Beaucoup de choses ont été achevées pour nous ces dernières années, un regard en arrière sur nos dix dernières années nous en a facilement convaincu. J’aimerais que ces années 20 se fassent désormais sous le signe du plaisir. J’aimerais profiter. De mon salon bien meublé, de mes enfants capables de se faire elle-mêmes leur petit déjeuner, de nos (rares) soirées en amoureux, de notre stabilité.
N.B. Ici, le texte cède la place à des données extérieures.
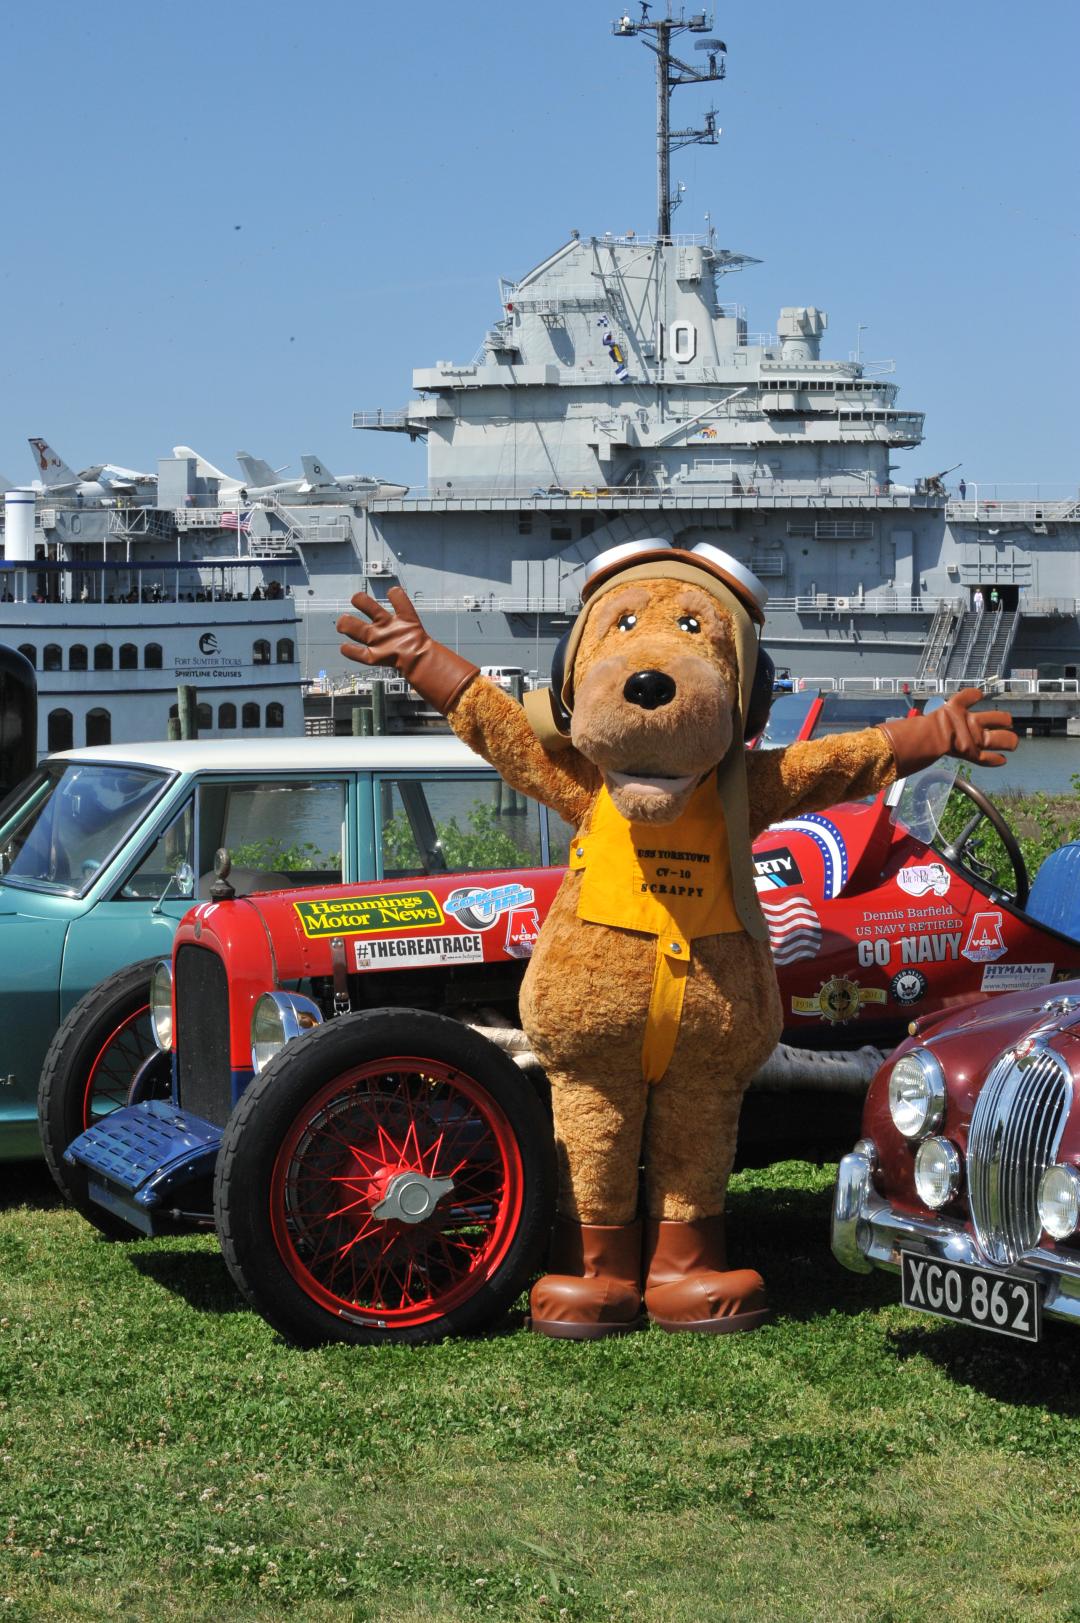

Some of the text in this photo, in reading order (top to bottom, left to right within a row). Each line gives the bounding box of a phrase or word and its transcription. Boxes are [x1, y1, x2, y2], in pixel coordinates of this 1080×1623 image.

[174, 657, 242, 666] FORT SUMTER TOURS
[213, 670, 242, 678] CRUISES
[637, 848, 711, 863] USS YORKTOWN
[656, 867, 691, 879] CV-10
[754, 856, 792, 875] RTY
[445, 884, 522, 913] COKER
[641, 883, 704, 897] SCRAPPY
[308, 894, 423, 915] Hemmings
[479, 890, 533, 916] TIRE
[304, 905, 437, 931] Motor News
[863, 904, 953, 921] Dennis Barfield
[855, 919, 963, 936] US NAVY RETIRED
[356, 935, 481, 959] #THEGREATRACE
[857, 938, 890, 968] GO
[901, 932, 962, 964] NAVY
[986, 965, 1033, 975] HYMAN
[908, 1258, 1030, 1332] XGO 862
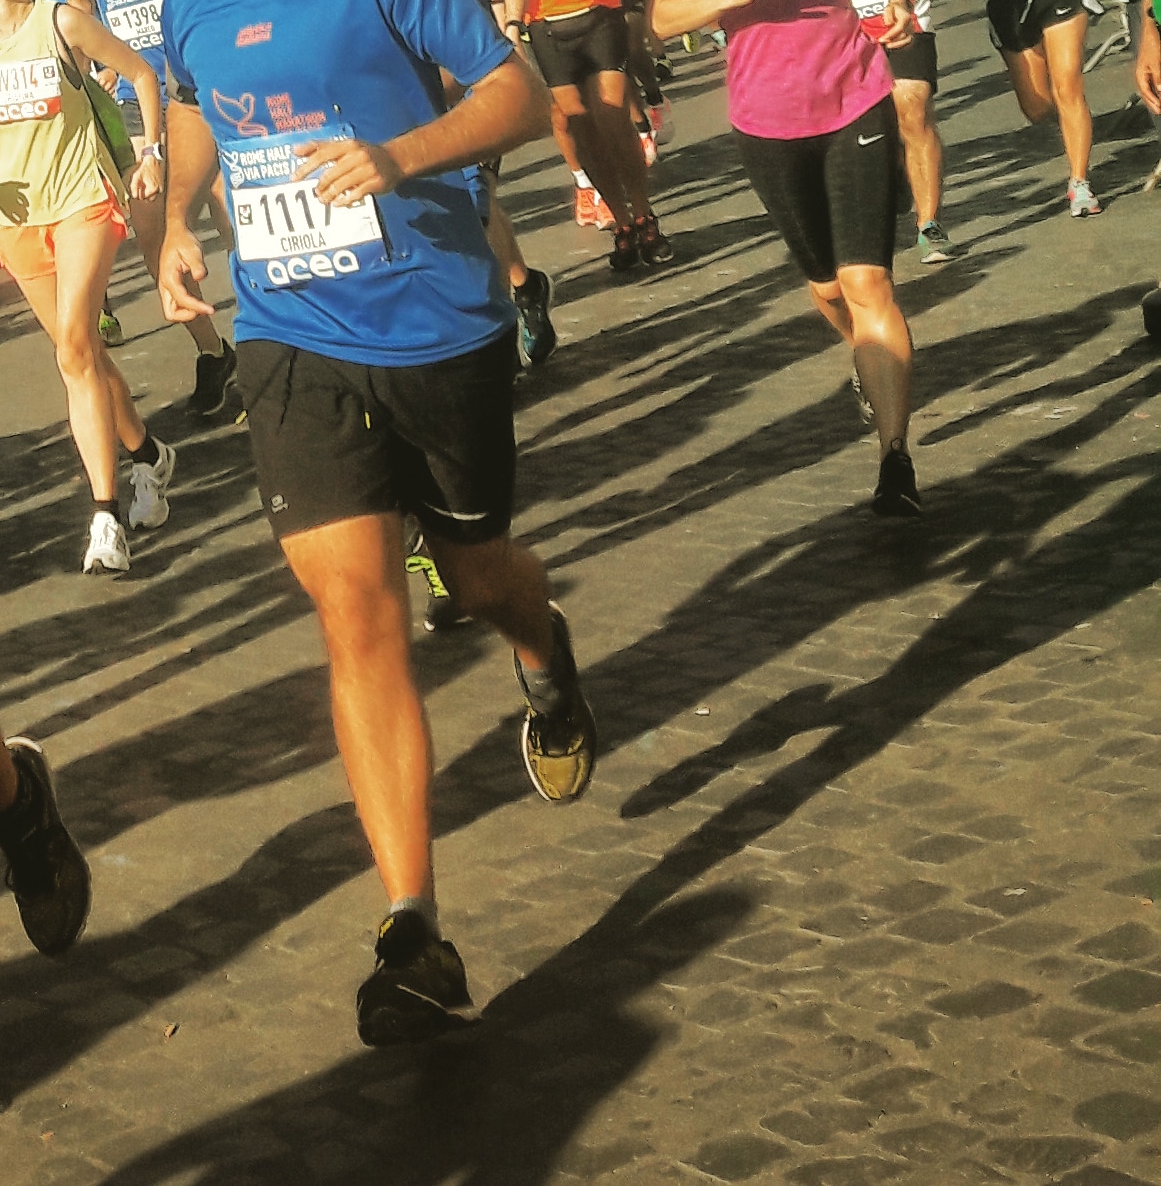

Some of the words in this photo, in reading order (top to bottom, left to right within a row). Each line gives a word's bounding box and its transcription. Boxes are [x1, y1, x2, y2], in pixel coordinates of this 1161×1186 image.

[123, 4, 160, 29] 1398
[129, 33, 164, 51] ace
[239, 149, 267, 166] ROME
[244, 166, 261, 181] VIA
[262, 160, 290, 179] PACIS
[280, 232, 327, 253] CIRIOLA
[266, 249, 360, 286] acea
Et je vous souhaite la même chose… car que serait la vie, sans le plaisir?

-Lexie Swing-

Photo : Matthew Henry (as usual) for Burst

Cheveux de soie

Les vacances sont faites pour abattre toutes ces choses que l’on repousse en temps ordinaire : ranger les papiers, payer le déneigement, enlever le vernis écaillé que je ne me donne même plus la peine de cacher, passer saluer le coiffeur, envoyer le chien chez le toiletteur… Parmi les choses que je repousse sans cesse, il y a donc le coiffeur – un an qu’il ne m’a pas vue – et la teinture pour mes cheveux. Je dépense volontiers pour de la bonne nourriture mais je suis très cheap quand il s’agit de soins. Manucure, pédicure, coiffure, name it… je ne mets jamais les pieds chez Sephora, ma trousse de maquillage contient en tout et pour tout des crayons khôl noirs et du mascara, et j’évite comme la peste toute conseillère beauté. Je ne sais pas ce que c’est qu’une « base », je n’ai jamais acheté de ma vie une quelconque « crème de nuit » et c’est mon mec qui me fait mes ongles parce que ça le turlupine plus que moi.
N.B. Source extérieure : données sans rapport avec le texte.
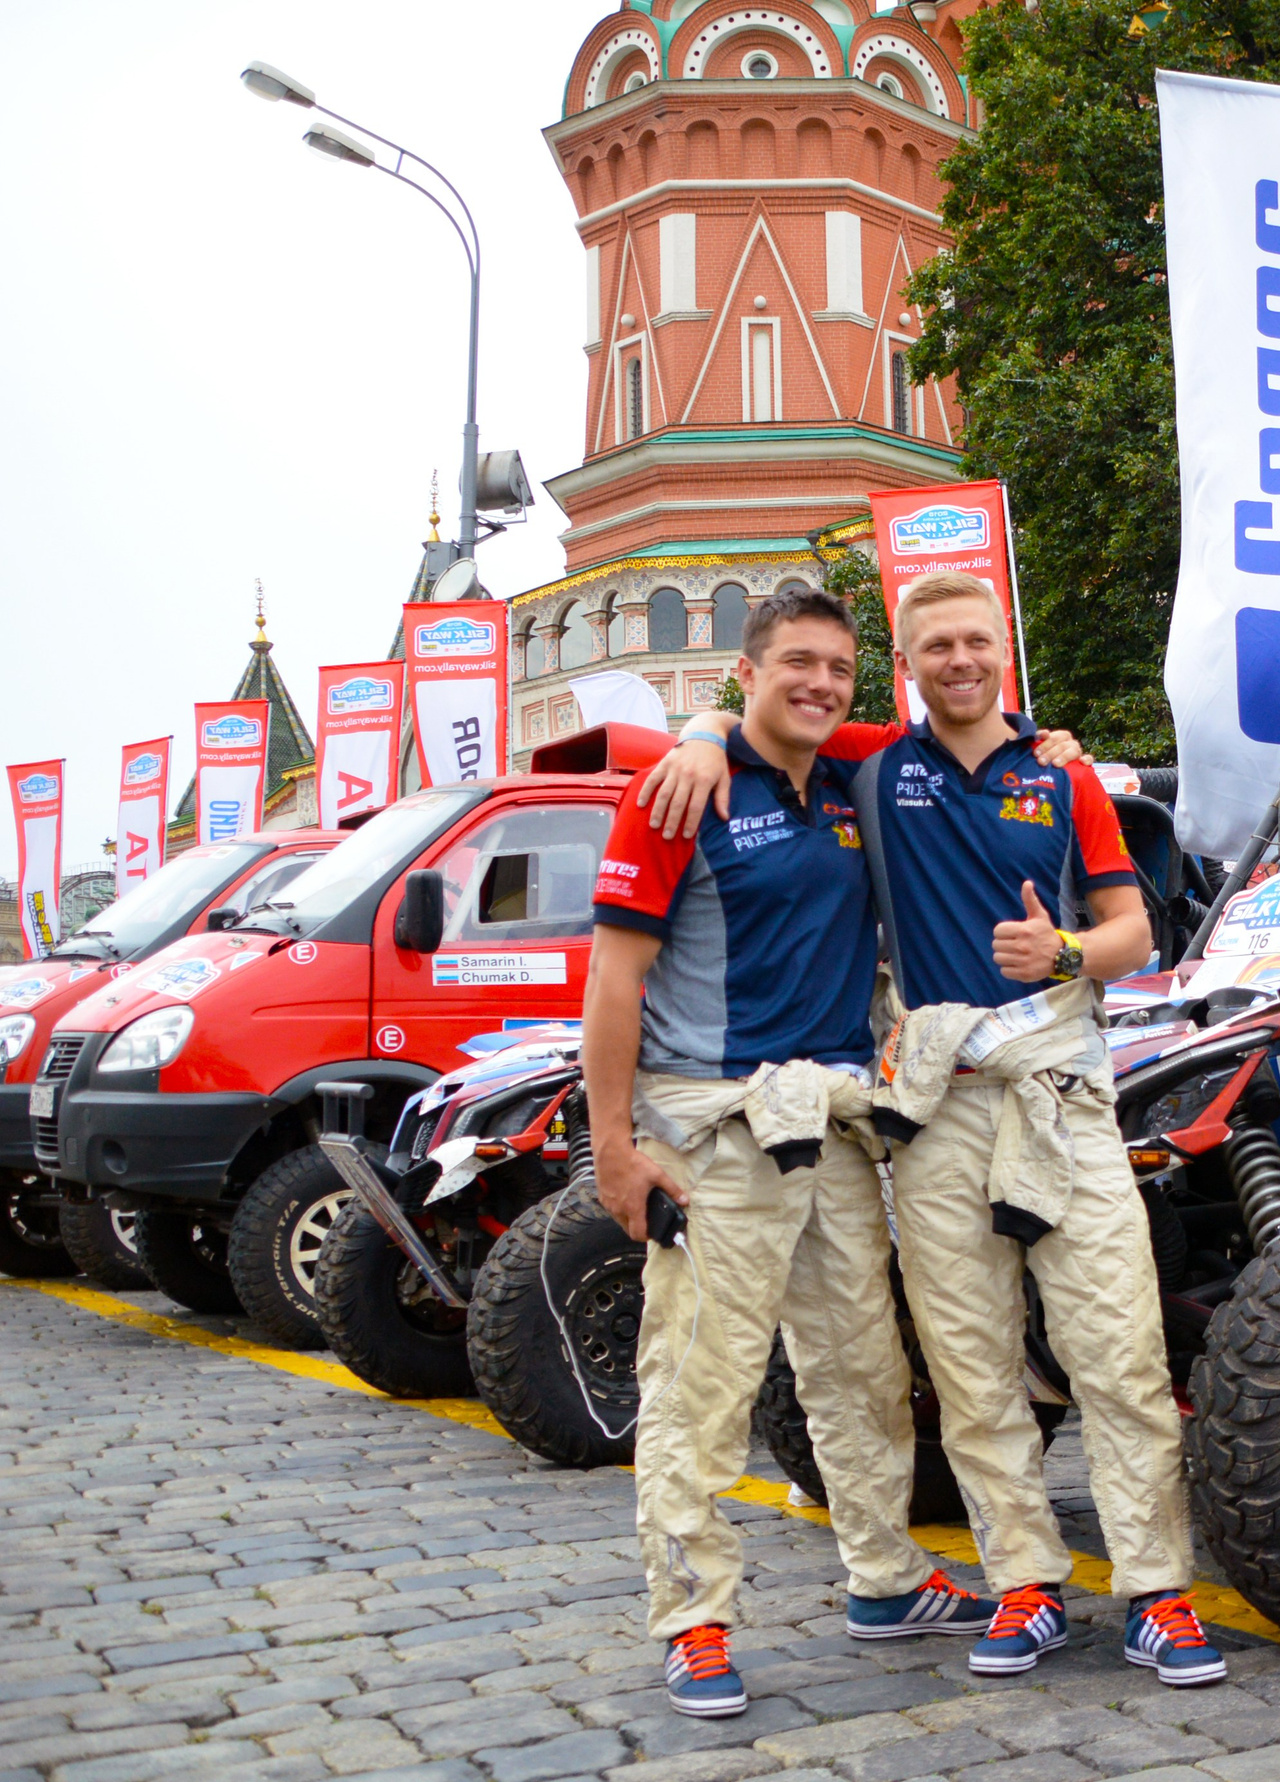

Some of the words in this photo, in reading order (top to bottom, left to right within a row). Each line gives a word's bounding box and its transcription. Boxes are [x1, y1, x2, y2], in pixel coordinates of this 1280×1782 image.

J’étais de fait mal partie pour changer la donne, bien plus intéressée par l’avancement de mon manuscrit et mes projets de couture que par une quelconque mise à jour « beauté ». Et puis, à la faveur d’une séance de brossage de cheveux – mon péché mignon – père et filles m’ont laissé entendre que mes cheveux « étaient un peu moches quand même ».

Je ne peux pas le nier. Mes cheveux sont ternes et le froid de l’hiver les rend encore plus capricieux. Farfouillant dans un carton de la salle de bain que l’on tarde à déballer – encore une autre tâche repoussée – j’ai sorti triomphalement une teinture végétale flambant neuve, achetée dans un moment d’ambitieuse transformation… ambition certainement reléguée au rang des non priorités sitôt la porte passée.

Forte de mon savoir faire – je me teins les cheveux une fois tous les deux ans, j’ai couché les enfants et je me suis mise au travail. Shampooing. Eau en bouteille chauffée à 60 degrés. Mélange dans un bol-surtout-pas-en-métal. Dénichage d’une serviette à sacrifier. Première couche : la texture « yogourt » recherchée coule allègrement sur le cheveu lisse. Emplâtrant ma masse altière par poignées, je repeins au passage la salle de bain neuve de l’été, en sacrant voluptueusement. Le liquide marronâtre s’encanaille, se répandant par giclées sur les miroirs. Le bol vidé, je sculpte une montagne sur le haut de ma tête et y enfourche une charlotte en plastique qui ne ferait pas rougir ma grand-mère.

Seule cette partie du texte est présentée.